So, aber nun sind wir angekommen und werden von Katjas Eltern mit lecker Essen umsorgt. Und wie das Gefühl ist wieder zurück zu sein? Seltsam. Eigentlich sind es knapp 1,5 Jahre, aber sie fühlen sich wie eine Woche an. Wie Seb das in seinem Rückkehrbericht zutreffend schrieb, es ist so, als ob man ein Abspielgerät auf Pause gelassen hätte und nach der Rückkehr auf Play drückt.

Eigentlich, denn tatsächlich merkt man, dass  man die Umwelt anders wahr nimmt. Diese  Lebensabschnittswechsel  helfen viel sich selbst zu verstehen. Und Dinge sowie Menschen die einem wichtig sind, sind nun auch klarer vor den Augen. So, als ob das Gehirn Zeit hatte einiges dank Abstand zu sortieren. Furchtbar, diese Selbstreflektion. Ich muss aufpassen, nicht zuviel davon zu betreiben, um meine Midlife Crisis nicht zu gefährden. Die setzt ja voraus, dass man sich nicht mit dem eigenem Leben auseinandersetzt. Und ohne Midlife Crisis werde ich wohl auch keinen Sportwagen kaufen. Mist. ;)

Auch die Welt um einen herum ist anders. Die Luft ist dichter (zumindest hier im Emsland) und das Licht weniger intensiv.
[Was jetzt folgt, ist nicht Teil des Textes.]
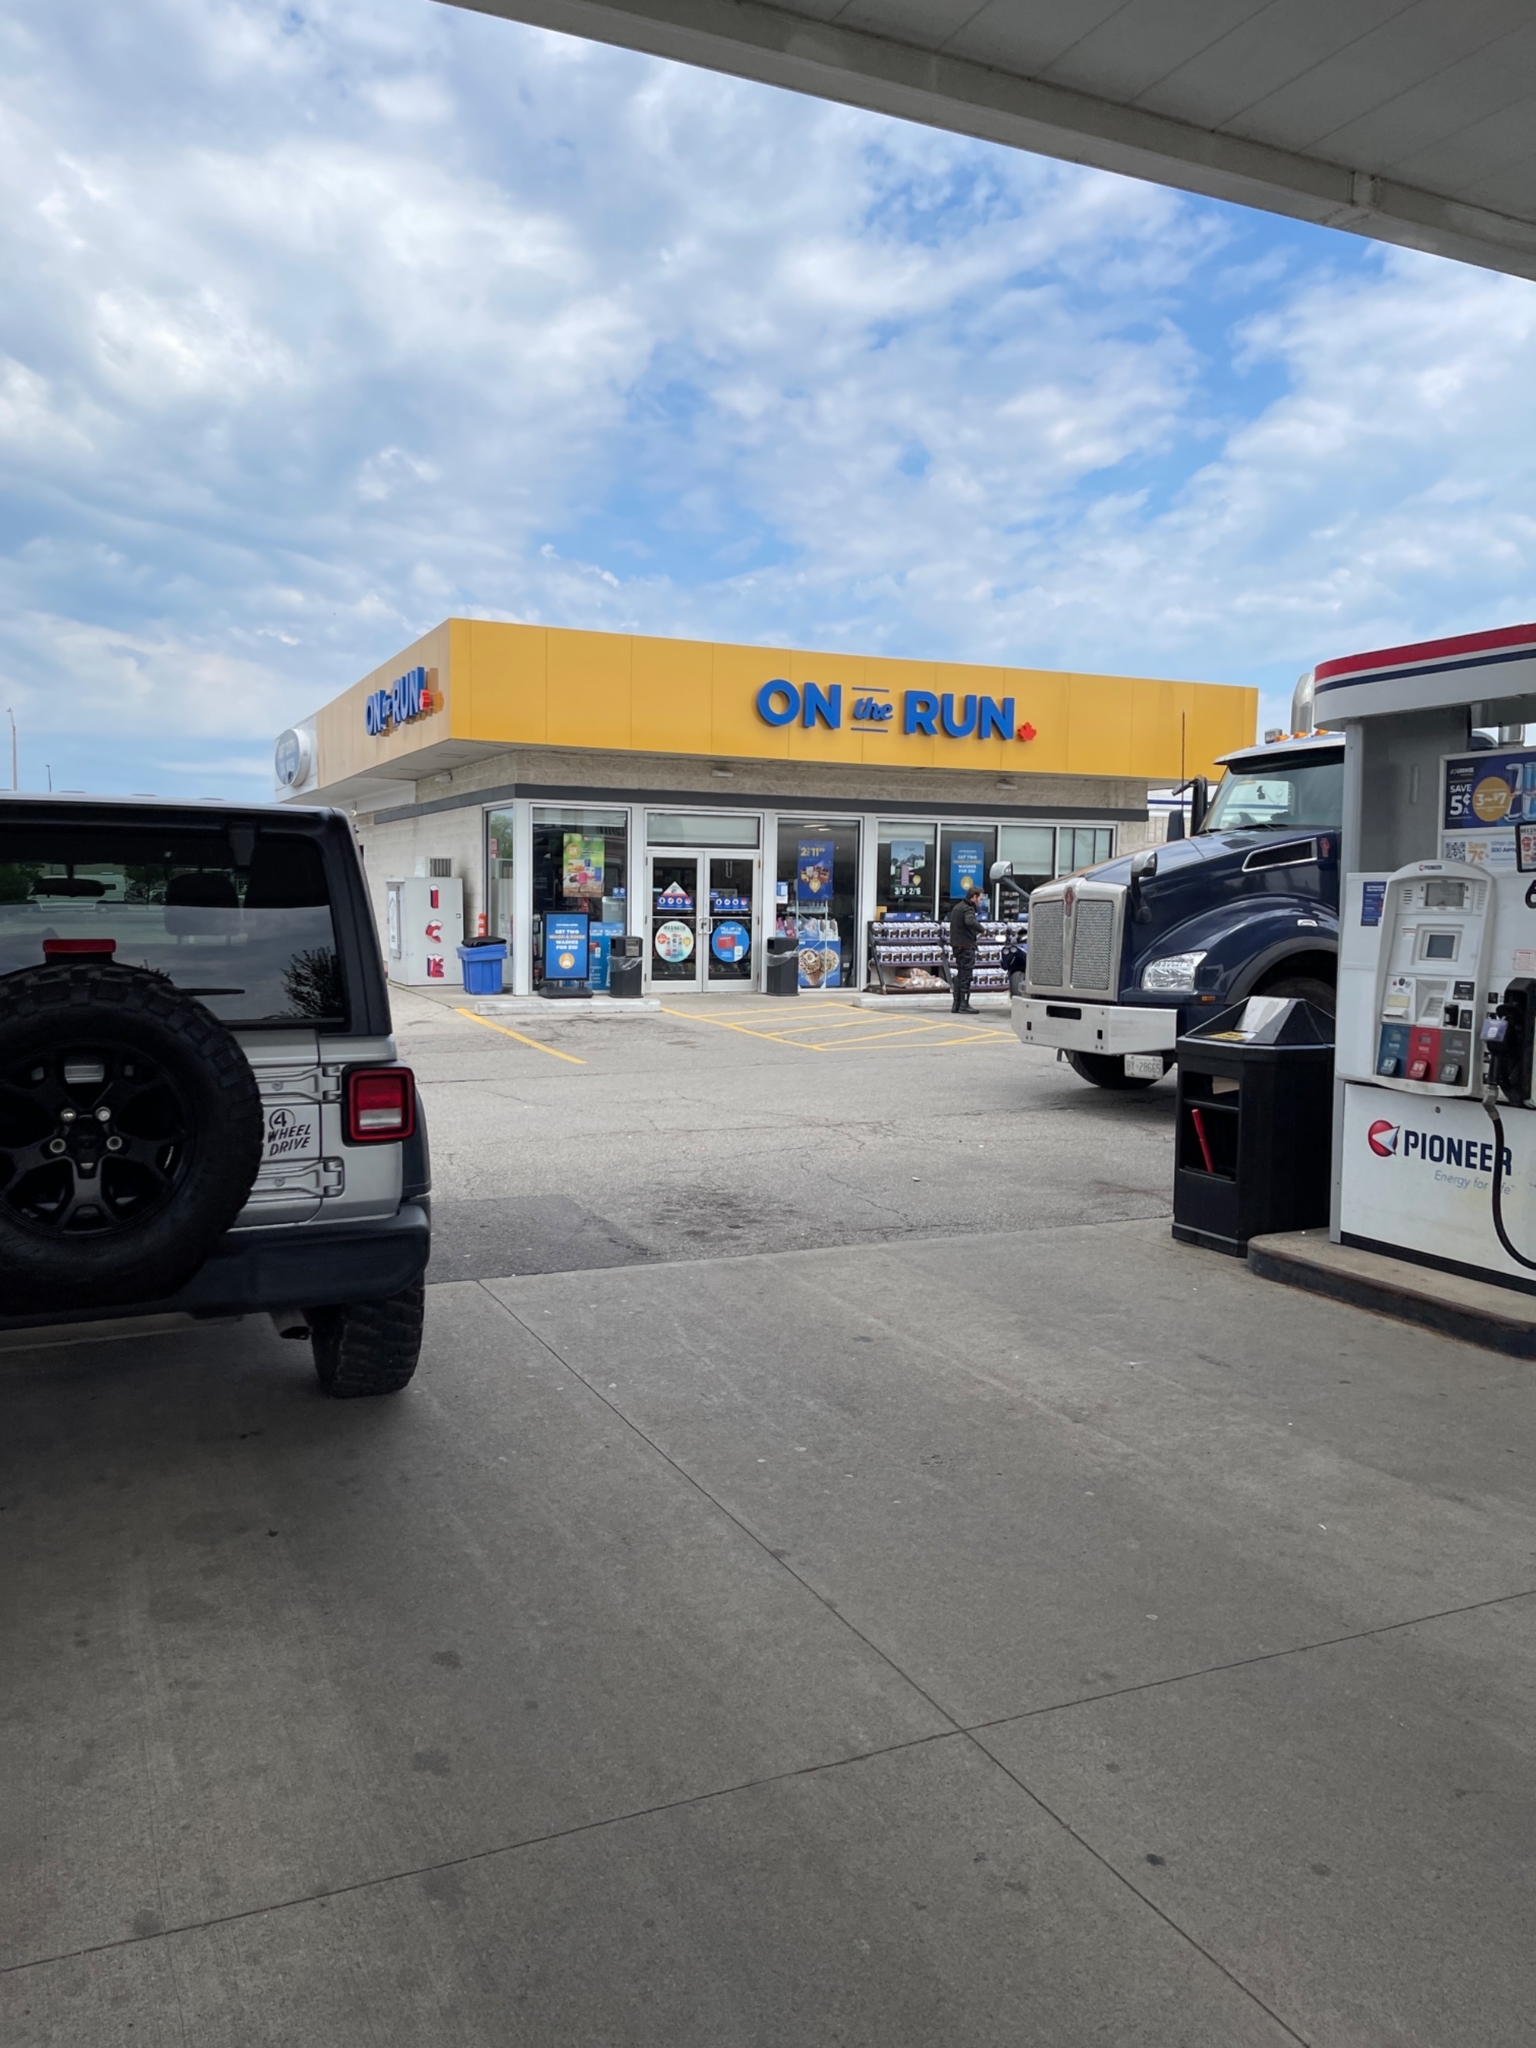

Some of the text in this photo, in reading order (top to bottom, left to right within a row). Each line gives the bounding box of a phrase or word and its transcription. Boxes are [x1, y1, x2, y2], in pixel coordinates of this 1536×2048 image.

[366, 690, 386, 736] ON
[393, 667, 425, 723] RUN
[757, 679, 1015, 740] ON the RUN
[1450, 784, 1472, 793] SAVE
[1476, 794, 1485, 806] 3
[800, 847, 807, 857] 2
[426, 884, 444, 978] ICE
[274, 1111, 287, 1127] 4
[268, 1124, 311, 1143] WHEEL
[270, 1137, 311, 1156] DRIVE
[1404, 1129, 1512, 1176] PIONEER
[1434, 1170, 1470, 1189] Energy
[1474, 1177, 1489, 1190] for
Man bin ich froh, nicht den ganzen Winter hinter einem Grauschleier verbracht zu haben. :) Erst jetzt wird mir klar, wie sonniger unser Gemüt dank der Umgebung wurde. Wenn man mir früher gesagt hätte, dass ich eine Wohnung mit Flöhen, winddurchlässigen Fenstern und ohne Steckdosen im Bad ertragen würde, ich hätte es nicht geglaubt. Aber mit Sonnenschein und Strand in der Nähe sieht man über einiges hinweg.
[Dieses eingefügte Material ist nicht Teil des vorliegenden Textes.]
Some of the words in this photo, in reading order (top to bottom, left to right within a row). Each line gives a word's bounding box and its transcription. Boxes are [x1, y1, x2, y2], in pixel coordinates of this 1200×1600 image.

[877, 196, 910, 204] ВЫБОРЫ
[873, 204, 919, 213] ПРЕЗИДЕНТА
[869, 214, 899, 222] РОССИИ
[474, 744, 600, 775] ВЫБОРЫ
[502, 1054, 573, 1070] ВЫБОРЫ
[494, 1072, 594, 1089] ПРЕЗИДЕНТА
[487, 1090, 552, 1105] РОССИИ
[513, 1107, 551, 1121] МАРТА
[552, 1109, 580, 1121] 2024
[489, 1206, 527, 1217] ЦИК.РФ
Die Leute nehmen wir ebenfalls anders wahr. Neuseeländer sind unter dem Strich nicht besser oder freundlicher. Aber an den freundlichen Umgangston kann man sich schnell gewöhnen. Jetzt verstehe ich, warum vielen Ausländern die knappe und direkte deutsche Art so abgehackt und rauh vorkommt. Der Unwille wird hier halt mit “nein” und nicht “Let me see, I’m a bit reluctand on it, but well, maybe.” Anderseits weiß man hier sofort woran man ist. Hat alles seine vor und Nachteile.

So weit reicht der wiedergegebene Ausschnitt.